Mercurial > hg
view tests/tinyproxy.py @ 11769:ca6cebd8734e stable
dirstate: ignore symlinks when fs cannot handle them (issue1888)
When the filesystem cannot handle the executable bit, we currently
ignore it completely when looking for modified files. Similarly, it is
impossible to set or clear the bit when the filesystem ignores it.
This patch makes Mercurial treat symbolic links the same way.
Symlinks are a little different since they manifest themselves as
small files containing a filename (the symlink target). On Windows,
these files show up as regular files, and on Linux and Mac they show
up as real symlinks.
Issue1888 presents a case where the symlink files are better ignored
from the Windows side. A Linux client creates symlinks in a working
copy which is shared over a network between Linux and Windows clients.
The Samba server is helpful and defererences the symlink when the
Windows client looks at it. This means that Mercurial on the Windows
side sees file content instead of a file name in the symlink, and
hence flags the link as modified. Ignoring the change would be much
more helpful, similarly to how Mercurial does not report any changes
when executable bits are ignored in a checkout on Windows.
An initial checkout of a symbolic link on a file system that cannot
handle symbolic links will still result in a regular file containing
the target file name as its content. Sharing such a checkout with a
Linux client will not turn the file into a symlink automatically, but
'hg revert' can fix that.
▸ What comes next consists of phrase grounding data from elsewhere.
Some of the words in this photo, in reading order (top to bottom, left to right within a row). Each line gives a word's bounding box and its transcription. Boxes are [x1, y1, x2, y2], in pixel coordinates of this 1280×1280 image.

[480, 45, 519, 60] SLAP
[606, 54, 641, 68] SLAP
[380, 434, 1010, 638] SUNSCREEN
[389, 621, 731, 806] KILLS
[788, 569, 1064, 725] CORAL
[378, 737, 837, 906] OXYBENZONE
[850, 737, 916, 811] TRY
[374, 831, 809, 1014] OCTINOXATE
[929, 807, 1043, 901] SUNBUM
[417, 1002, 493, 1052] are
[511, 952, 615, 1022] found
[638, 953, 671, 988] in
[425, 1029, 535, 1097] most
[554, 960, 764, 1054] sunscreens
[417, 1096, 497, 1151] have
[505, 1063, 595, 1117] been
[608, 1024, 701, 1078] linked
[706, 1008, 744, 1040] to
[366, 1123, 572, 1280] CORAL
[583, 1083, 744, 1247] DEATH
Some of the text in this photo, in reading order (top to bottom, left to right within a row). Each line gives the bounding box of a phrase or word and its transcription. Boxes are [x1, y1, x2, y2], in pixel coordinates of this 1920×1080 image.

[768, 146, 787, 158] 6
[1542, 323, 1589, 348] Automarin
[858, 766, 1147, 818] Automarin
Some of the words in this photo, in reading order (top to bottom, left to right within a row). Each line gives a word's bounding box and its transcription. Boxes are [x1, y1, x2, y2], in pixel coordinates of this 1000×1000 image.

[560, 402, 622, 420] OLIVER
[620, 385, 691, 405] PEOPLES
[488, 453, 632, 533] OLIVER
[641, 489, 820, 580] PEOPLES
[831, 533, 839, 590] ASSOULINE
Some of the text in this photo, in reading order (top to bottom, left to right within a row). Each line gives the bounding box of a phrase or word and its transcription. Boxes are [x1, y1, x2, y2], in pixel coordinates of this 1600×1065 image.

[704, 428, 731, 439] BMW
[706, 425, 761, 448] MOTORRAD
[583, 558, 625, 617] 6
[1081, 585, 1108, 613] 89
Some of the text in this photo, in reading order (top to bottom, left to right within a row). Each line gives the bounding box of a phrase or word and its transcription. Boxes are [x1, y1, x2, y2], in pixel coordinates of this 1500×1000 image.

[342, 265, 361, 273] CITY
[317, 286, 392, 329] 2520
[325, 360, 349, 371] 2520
After the revert, the Windows client will
see the correct file content (provided by the Samba server when it
follows the link on the Linux side) and otherwise ignore the change.
Running 'hg perfstatus' 10 times gives these results:
Before: After:
min: 0.544703 min: 0.546549
med: 0.547592 med: 0.548881
avg: 0.549146 avg: 0.548549
max: 0.564112 max: 0.551504
The median time is increased about 0.24%.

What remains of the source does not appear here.